Records from a data collection
==================================================
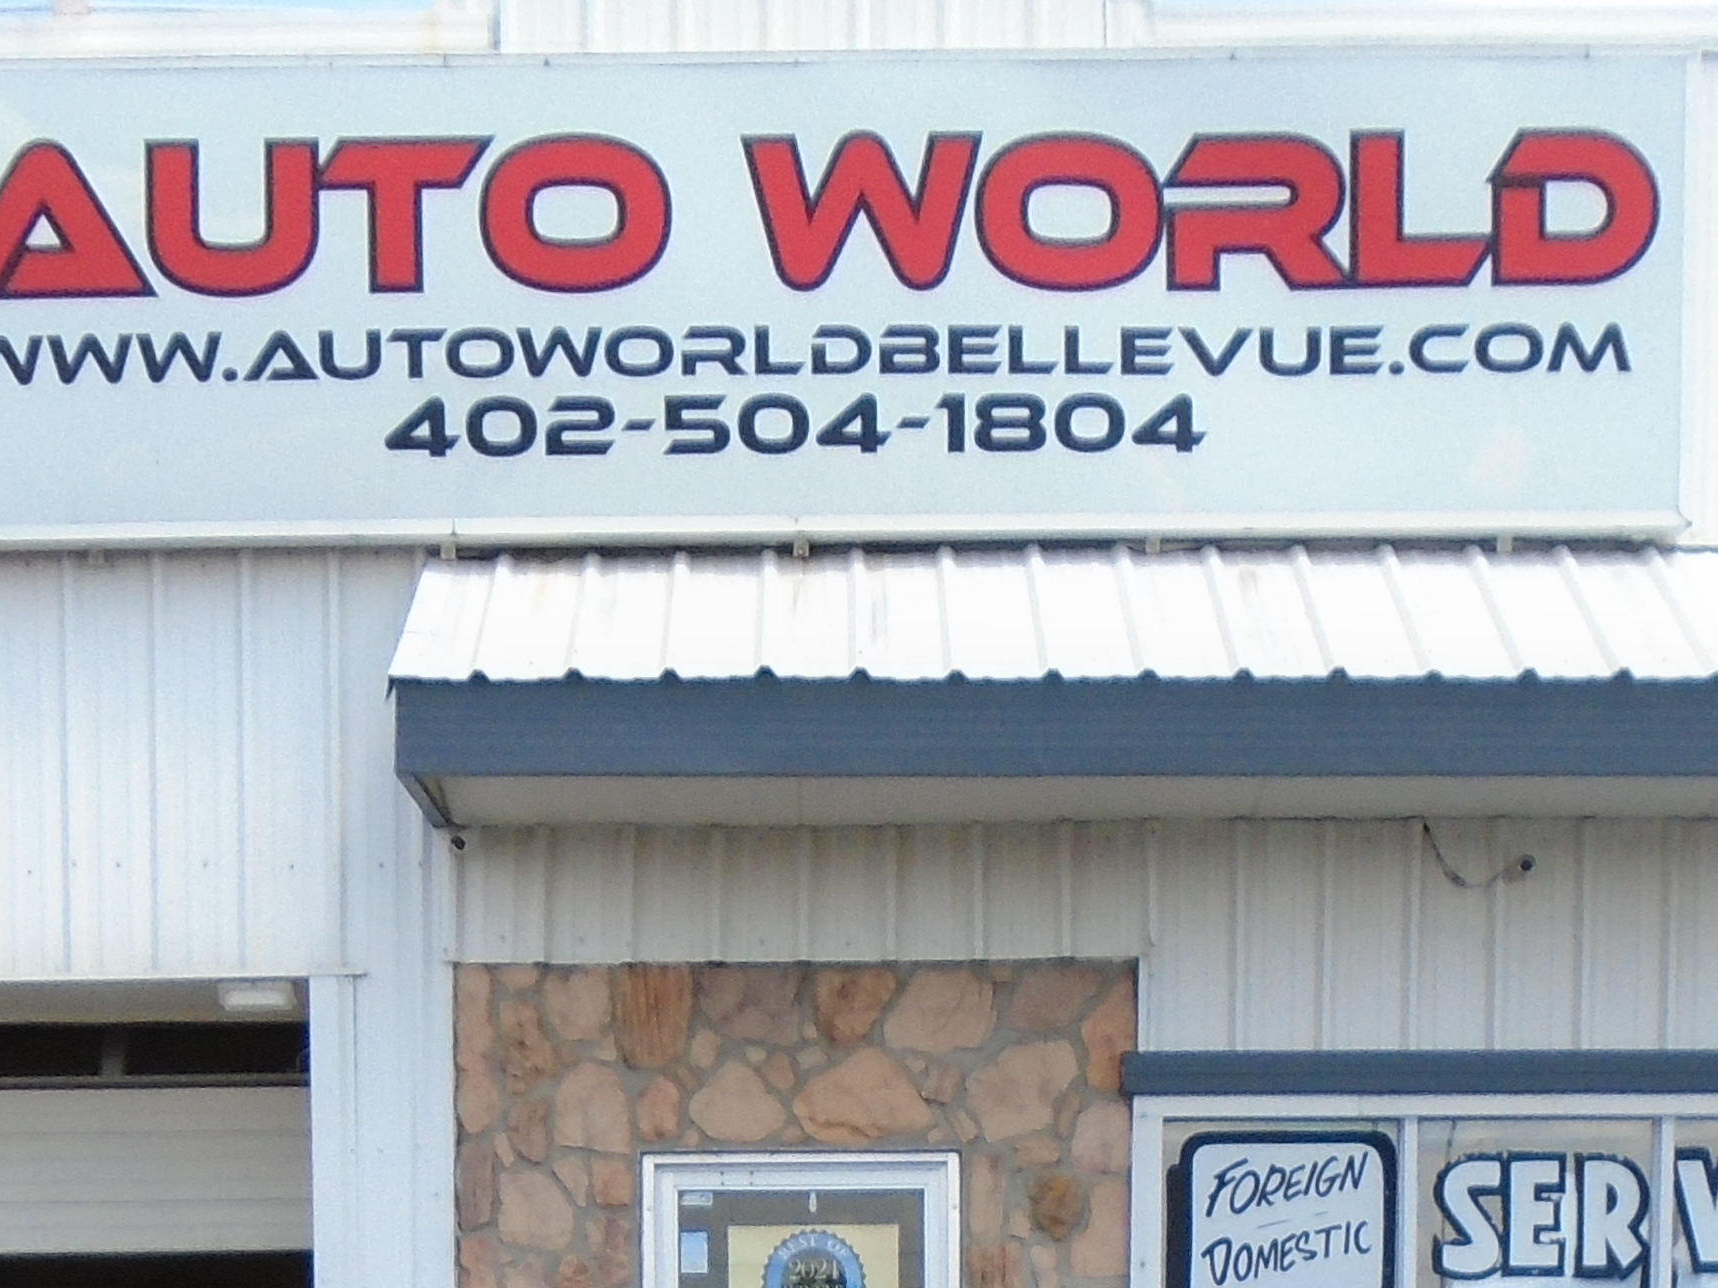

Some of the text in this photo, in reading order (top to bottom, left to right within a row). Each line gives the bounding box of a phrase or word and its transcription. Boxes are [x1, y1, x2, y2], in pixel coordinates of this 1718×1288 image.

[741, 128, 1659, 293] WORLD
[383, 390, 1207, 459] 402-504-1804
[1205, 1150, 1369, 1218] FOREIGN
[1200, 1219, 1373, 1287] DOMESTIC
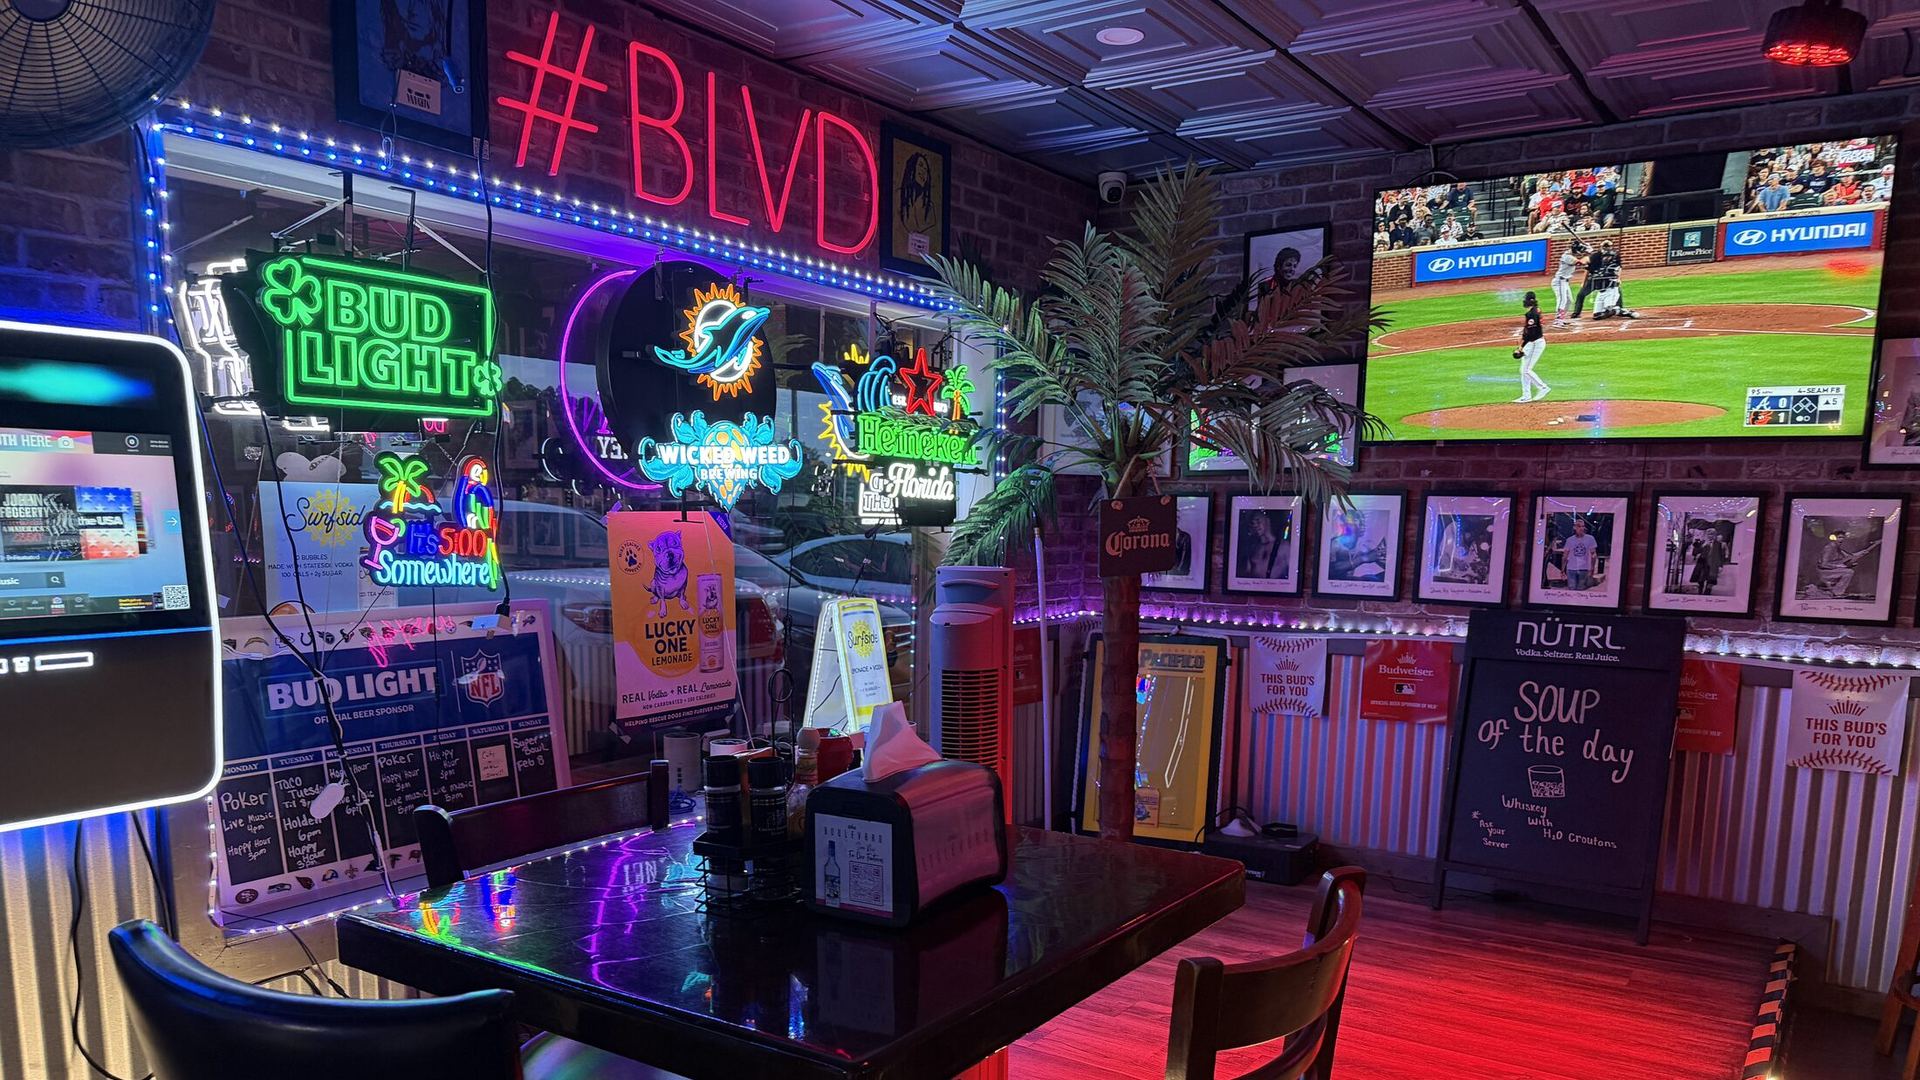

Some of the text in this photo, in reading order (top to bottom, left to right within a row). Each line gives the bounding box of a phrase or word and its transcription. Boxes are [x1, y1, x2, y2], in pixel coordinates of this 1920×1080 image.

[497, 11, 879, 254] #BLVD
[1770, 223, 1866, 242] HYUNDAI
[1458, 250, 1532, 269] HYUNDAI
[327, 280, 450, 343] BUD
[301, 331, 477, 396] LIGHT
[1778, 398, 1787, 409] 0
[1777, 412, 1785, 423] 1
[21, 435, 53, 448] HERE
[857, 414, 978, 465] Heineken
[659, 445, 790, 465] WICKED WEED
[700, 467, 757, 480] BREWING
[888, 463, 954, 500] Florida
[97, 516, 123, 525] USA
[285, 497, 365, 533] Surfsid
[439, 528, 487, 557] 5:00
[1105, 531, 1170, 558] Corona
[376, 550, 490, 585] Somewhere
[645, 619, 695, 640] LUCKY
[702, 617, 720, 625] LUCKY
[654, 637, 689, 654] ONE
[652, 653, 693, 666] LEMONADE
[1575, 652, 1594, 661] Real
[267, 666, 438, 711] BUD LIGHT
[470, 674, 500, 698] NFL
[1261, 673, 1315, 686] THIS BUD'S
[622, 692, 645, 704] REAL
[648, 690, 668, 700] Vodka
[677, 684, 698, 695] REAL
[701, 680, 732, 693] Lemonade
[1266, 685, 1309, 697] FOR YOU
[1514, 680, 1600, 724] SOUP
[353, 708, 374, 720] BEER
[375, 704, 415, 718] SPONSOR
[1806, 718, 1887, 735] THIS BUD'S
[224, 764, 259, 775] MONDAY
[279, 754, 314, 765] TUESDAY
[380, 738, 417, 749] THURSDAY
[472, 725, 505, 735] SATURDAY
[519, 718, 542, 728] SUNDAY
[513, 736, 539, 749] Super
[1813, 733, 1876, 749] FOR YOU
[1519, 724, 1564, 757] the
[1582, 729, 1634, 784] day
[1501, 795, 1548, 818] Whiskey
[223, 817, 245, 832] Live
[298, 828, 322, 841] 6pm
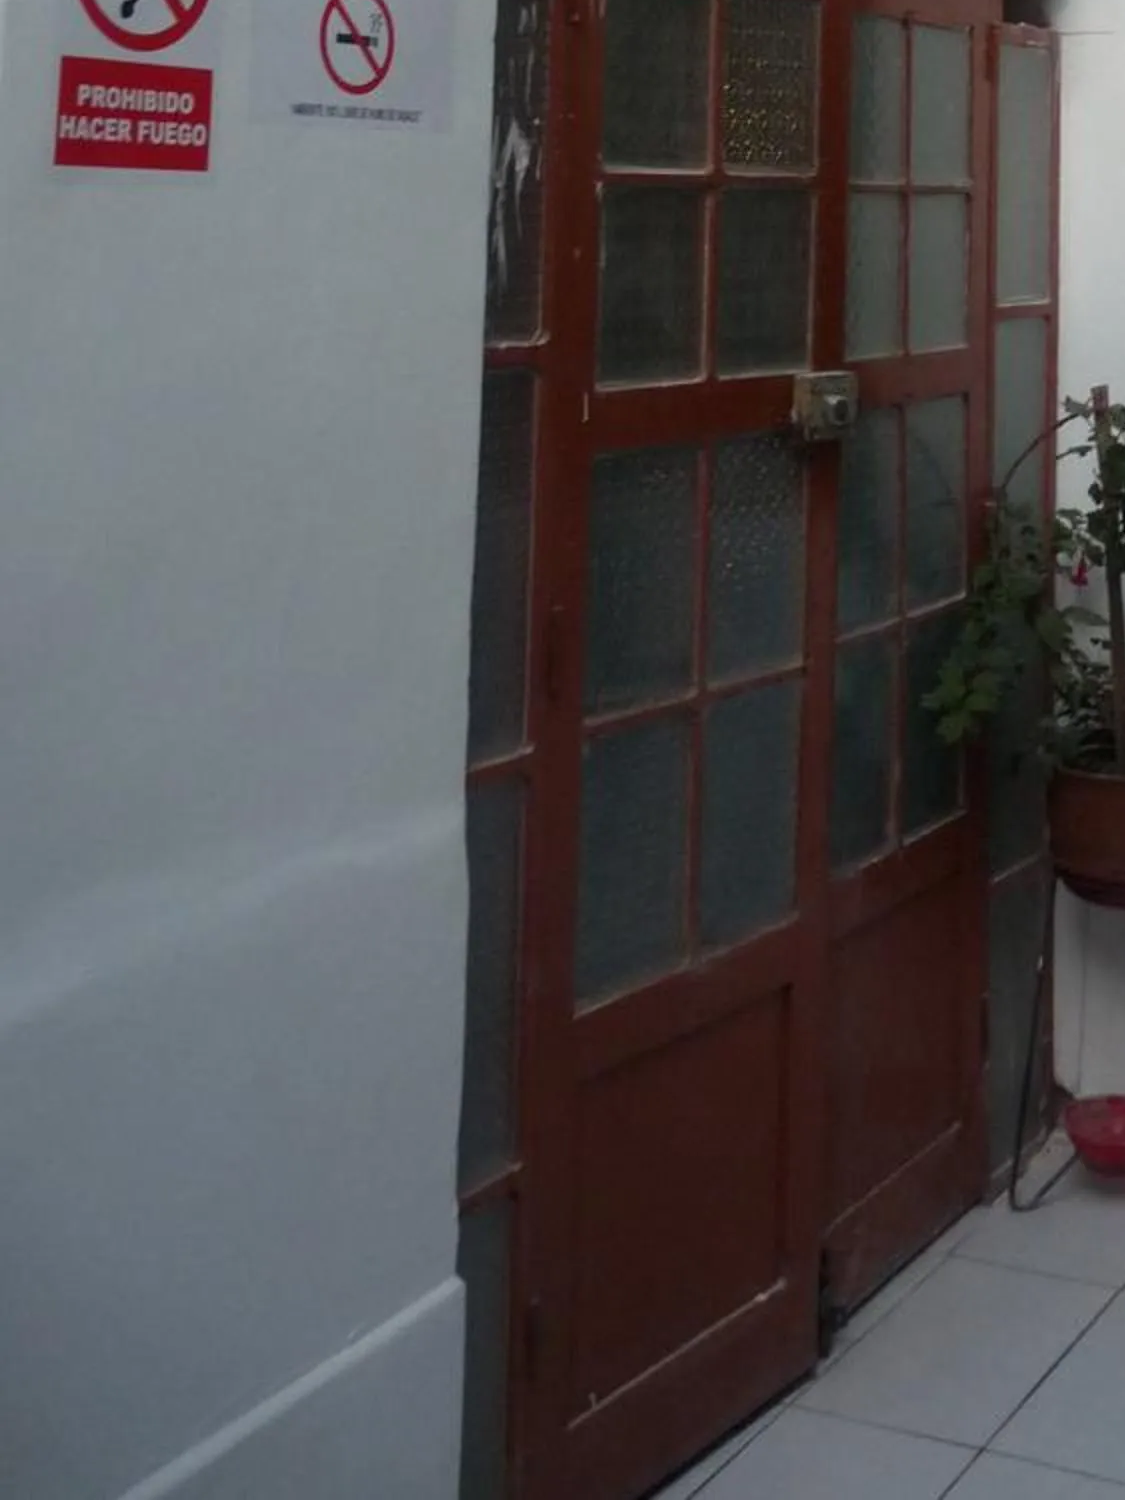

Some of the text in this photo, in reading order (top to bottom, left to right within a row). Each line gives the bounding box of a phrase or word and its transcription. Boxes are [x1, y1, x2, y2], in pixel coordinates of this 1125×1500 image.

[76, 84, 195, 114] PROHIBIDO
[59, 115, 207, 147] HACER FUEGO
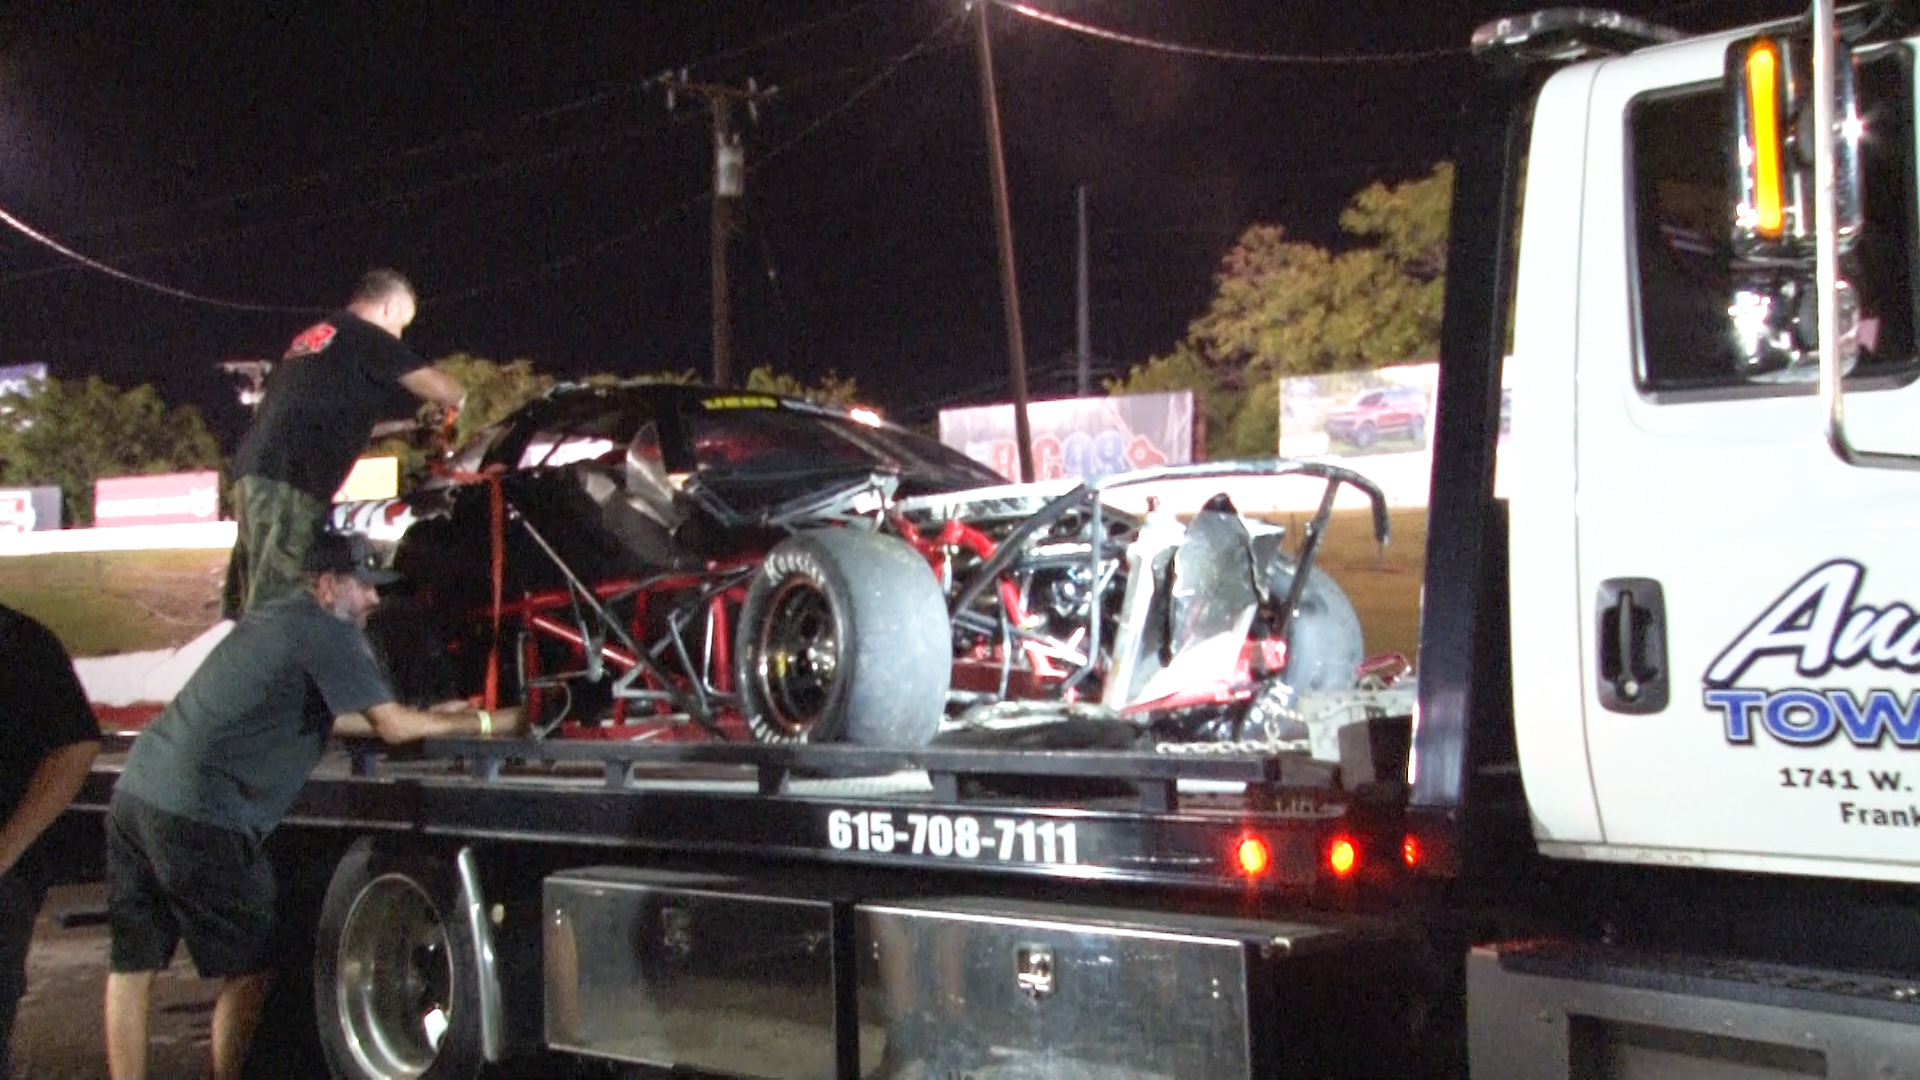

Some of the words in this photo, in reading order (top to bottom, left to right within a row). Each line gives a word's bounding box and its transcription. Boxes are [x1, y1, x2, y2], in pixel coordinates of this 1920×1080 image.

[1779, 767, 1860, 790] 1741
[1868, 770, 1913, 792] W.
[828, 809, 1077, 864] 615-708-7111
==================================================
_ACTIVITY_:
Please give an exact printout of all the records, pictures aside.

_ANSWER SECTION_:
Some of the text in this photo, in reading order (top to bottom, left to right within a row). Each line gives the bounding box of a phrase or word and its transcription. Boxes are [x1, y1, x2, y2], in pixel coordinates of this 1718×1288 image.

[741, 128, 1659, 293] WORLD
[383, 390, 1207, 459] 402-504-1804
[1205, 1150, 1369, 1218] FOREIGN
[1200, 1219, 1373, 1287] DOMESTIC

Some of the text in this photo, in reading order (top to bottom, left to right within a row). Each line gives the bounding box of a phrase or word and its transcription. Boxes are [x1, y1, x2, y2], in pixel coordinates of this 1920×1080 image.

[497, 11, 879, 254] #BLVD
[1770, 223, 1866, 242] HYUNDAI
[1458, 250, 1532, 269] HYUNDAI
[327, 280, 450, 343] BUD
[301, 331, 477, 396] LIGHT
[1778, 398, 1787, 409] 0
[1777, 412, 1785, 423] 1
[21, 435, 53, 448] HERE
[857, 414, 978, 465] Heineken
[659, 445, 790, 465] WICKED WEED
[700, 467, 757, 480] BREWING
[888, 463, 954, 500] Florida
[97, 516, 123, 525] USA
[285, 497, 365, 533] Surfsid
[439, 528, 487, 557] 5:00
[1105, 531, 1170, 558] Corona
[376, 550, 490, 585] Somewhere
[645, 619, 695, 640] LUCKY
[702, 617, 720, 625] LUCKY
[654, 637, 689, 654] ONE
[652, 653, 693, 666] LEMONADE
[1575, 652, 1594, 661] Real
[267, 666, 438, 711] BUD LIGHT
[470, 674, 500, 698] NFL
[1261, 673, 1315, 686] THIS BUD'S
[622, 692, 645, 704] REAL
[648, 690, 668, 700] Vodka
[677, 684, 698, 695] REAL
[701, 680, 732, 693] Lemonade
[1266, 685, 1309, 697] FOR YOU
[1514, 680, 1600, 724] SOUP
[353, 708, 374, 720] BEER
[375, 704, 415, 718] SPONSOR
[1806, 718, 1887, 735] THIS BUD'S
[224, 764, 259, 775] MONDAY
[279, 754, 314, 765] TUESDAY
[380, 738, 417, 749] THURSDAY
[472, 725, 505, 735] SATURDAY
[519, 718, 542, 728] SUNDAY
[513, 736, 539, 749] Super
[1813, 733, 1876, 749] FOR YOU
[1519, 724, 1564, 757] the
[1582, 729, 1634, 784] day
[1501, 795, 1548, 818] Whiskey
[223, 817, 245, 832] Live
[298, 828, 322, 841] 6pm

Some of the text in this photo, in reading order (top to bottom, left to right within a row). Each line gives the bounding box of a phrase or word and its transcription. Boxes are [x1, y1, x2, y2], in pixel coordinates of this 1125×1500 image.

[76, 84, 195, 114] PROHIBIDO
[59, 115, 207, 147] HACER FUEGO

Some of the words in this photo, in reading order (top to bottom, left to right within a row). Each line gives a word's bounding box and its transcription. Boxes are [x1, y1, x2, y2], in pixel coordinates of this 1920×1080 image.

[1779, 767, 1860, 790] 1741
[1868, 770, 1913, 792] W.
[828, 809, 1077, 864] 615-708-7111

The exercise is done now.